As tkd stated, Measure the circumference of the reel and count the amount of times it wraps the core.

Wraps x circumference = length on reel

Also: C = Pi * D: Circumference = 3.14 * Diameter. Approximate length for hand coils, too.

#### Hv&Lv

##### Senior Member
\$2200 to \$3200 for a Micro ohm meter makes the other options pretty reasonable.:jawdrop:

Weight or measure once and count the wraps. If we aren't sure, it is cheaper to have new rolls on hand than to come up short on a long pull.

You haven't kept track of what you have pulled in so far?
Yea, I was just throwing that out there for a chuckle. Didn't think it would even be considered...
Seriously, I have taken my reels to the supply house and had them spool it off through their counter for the lengths. Usually less than 100 feet though.
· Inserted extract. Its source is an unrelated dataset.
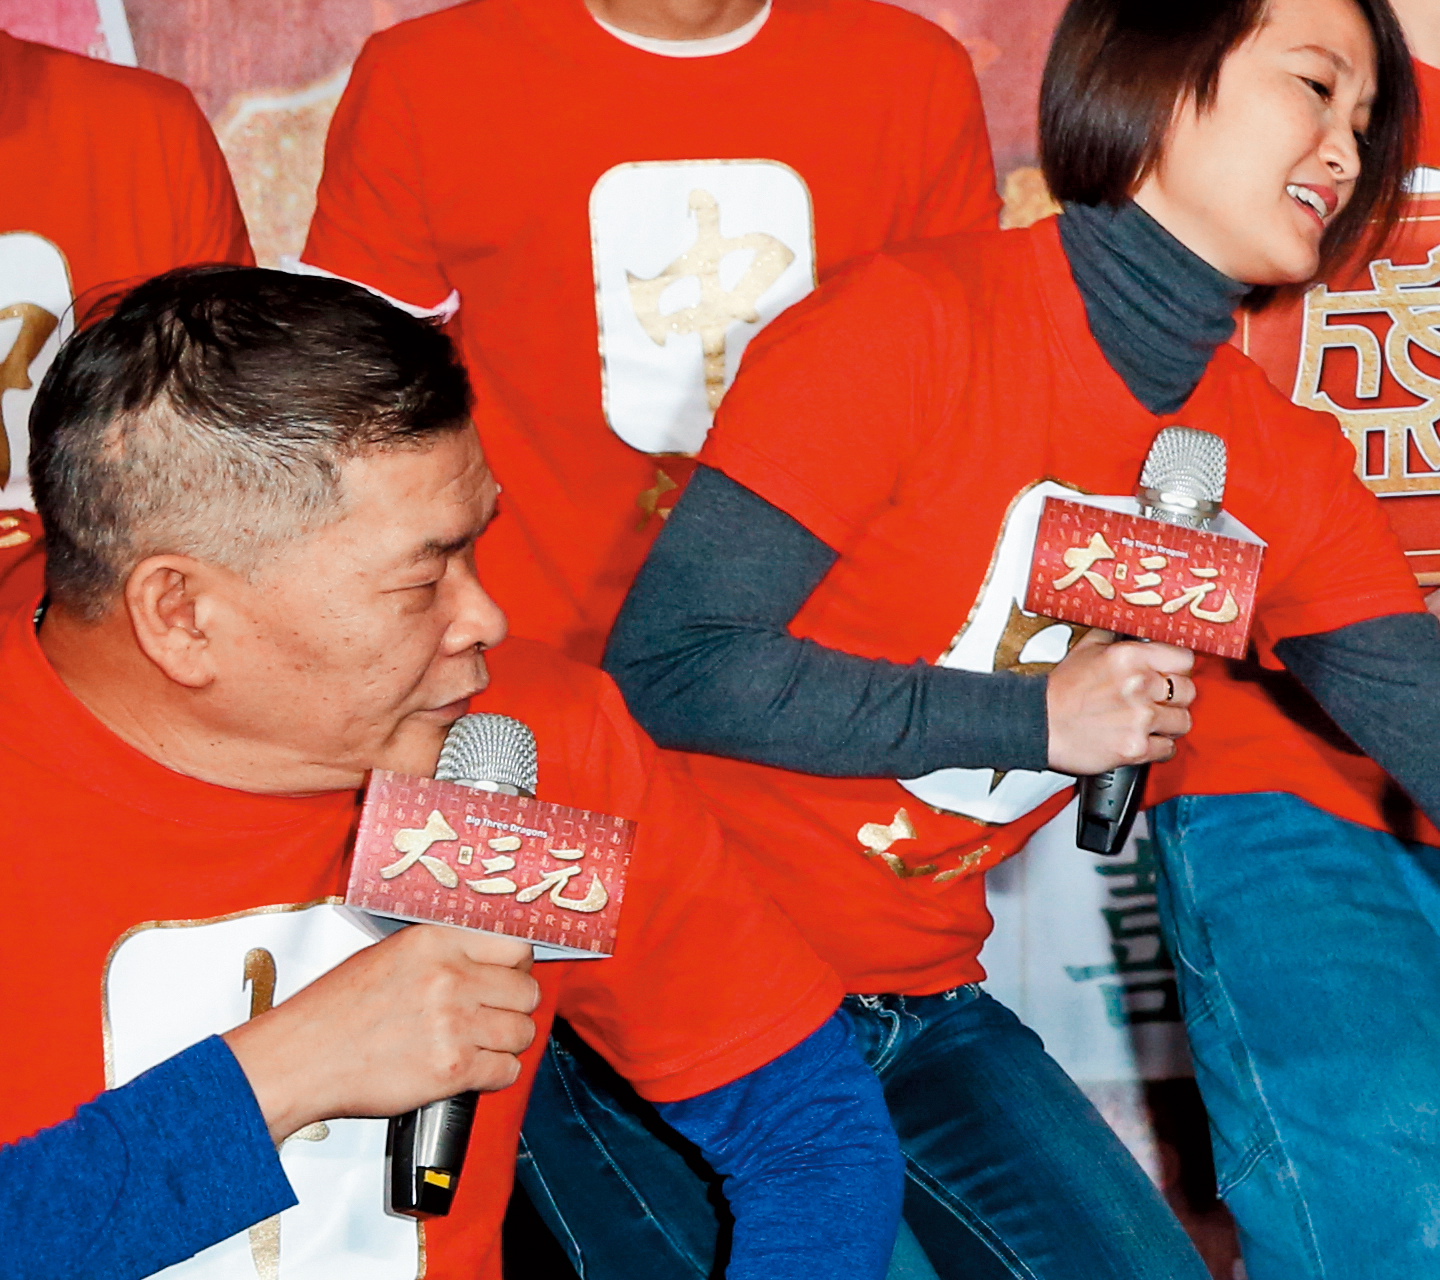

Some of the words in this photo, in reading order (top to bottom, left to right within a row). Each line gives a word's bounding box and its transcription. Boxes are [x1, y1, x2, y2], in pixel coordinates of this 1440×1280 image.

Of course, I bought these same reels from them, and they know it.

#### handy10

##### Senior Member
Without being too specific about what is wrong with the information given so far, I suggest that the problem is more complex than simple formulas will give. An exact formula would be quite difficult, but there is some possibility of a reasonable approximation. Here is some notation:

t=radius of the wire and its insulation
Ri = inner radius of the spool
Ro = outer radius of the spool

First assume that the flanges of the spool are so close together that the wire will look like the way sailors coil rope on the deck of a ship(flat coil). To make such a coil, one would start at the core of the spool (the inner radius Ri) and and make n turns to get to the outer edge of the flange (the outer radius, Ro). Then we can find the number of turns to be

n=(Ro-Ri)/t

The first time around the core requires 2pi(Ri+t) amount of wire, since the radius of the second turn has been increased by t, the second turn will require 2pi(Ro+2t) amount of wire. The last time around will require 2pi(Ri + nt) wire. If all of the turns are added, the formula I get is

Wire on one flat coil = 2n(pi)(Ri + n(n+1)t)

To complete the calculation, you must know how many flat coils are on the spool. If D is the distance between flanges then

m=D/t where m is the number of flat coils.
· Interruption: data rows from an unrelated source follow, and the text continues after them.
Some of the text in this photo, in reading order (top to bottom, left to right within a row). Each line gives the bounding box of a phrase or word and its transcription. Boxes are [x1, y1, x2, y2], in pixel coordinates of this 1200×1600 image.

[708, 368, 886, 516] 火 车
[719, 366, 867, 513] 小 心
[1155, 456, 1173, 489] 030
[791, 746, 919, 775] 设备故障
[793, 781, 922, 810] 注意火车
Therefore, the total length is

Total = m(wire on one flat coil).

Of course, wire does not wrap on a spool exactly like a bunch of flat coils. The second layer on the spool will fall in the space between coils of the first layer, think of three tangent circles. For this and some other reasons, the formula is only an approximation. However, all of the information required can be obtained with a ruler or tape measure.

#### K8MHZ

##### Senior Member
Don't forget Murphy's Constant.

In applied Murphology, Murphy's Constant is 0.97.

That makes the math simple. You just multiply the amount of spooled material you need by 0.97 and that is how much will be on the spool. So if you need 100 feet, there will only be 97 on the spool.

#### Johnmcca

##### Senior Member
How true? But I never had it happen to me.:lol:

#### ptonsparky

##### Senior Member
So Handy10s very fine formula times K8s fudge factor & you got the answer...to short again.

#### Cow

##### Senior Member
So Handy10s very fine formula times K8s fudge factor & you got the answer...to short again.
And now the crew is standing around waiting to pull the wire back out and start over. Meanwhile, you could have spent the same amount of money on a meter and had something to show for it....

Just saying....it doesn't take too many man hours for one of these meters to pay for itself. We used to count wraps, but it doesn't make sense financially, when you figure how much time you spend doing it in say, a year or so. Not to mention a lot more of our spools got used up because we knew what we had on them. When we used to rough guess how much was on it, we'd get scared we'd be short and order new spools instead. You can imagine how many leftover spools end up in inventory this way....we've really trimmed back now using a meter.

#### handy10

##### Senior Member
Truth compels me to admit that my wonderful formulas are wrong. For starters, the number of wraps and the number of layers, must be obtained by dividing by the diameter of the wire, not the radius. In retrospect, I like the Murphy's law the best. A variant is to measure the length of wire required and subtract 10' to find out how much is on the spool.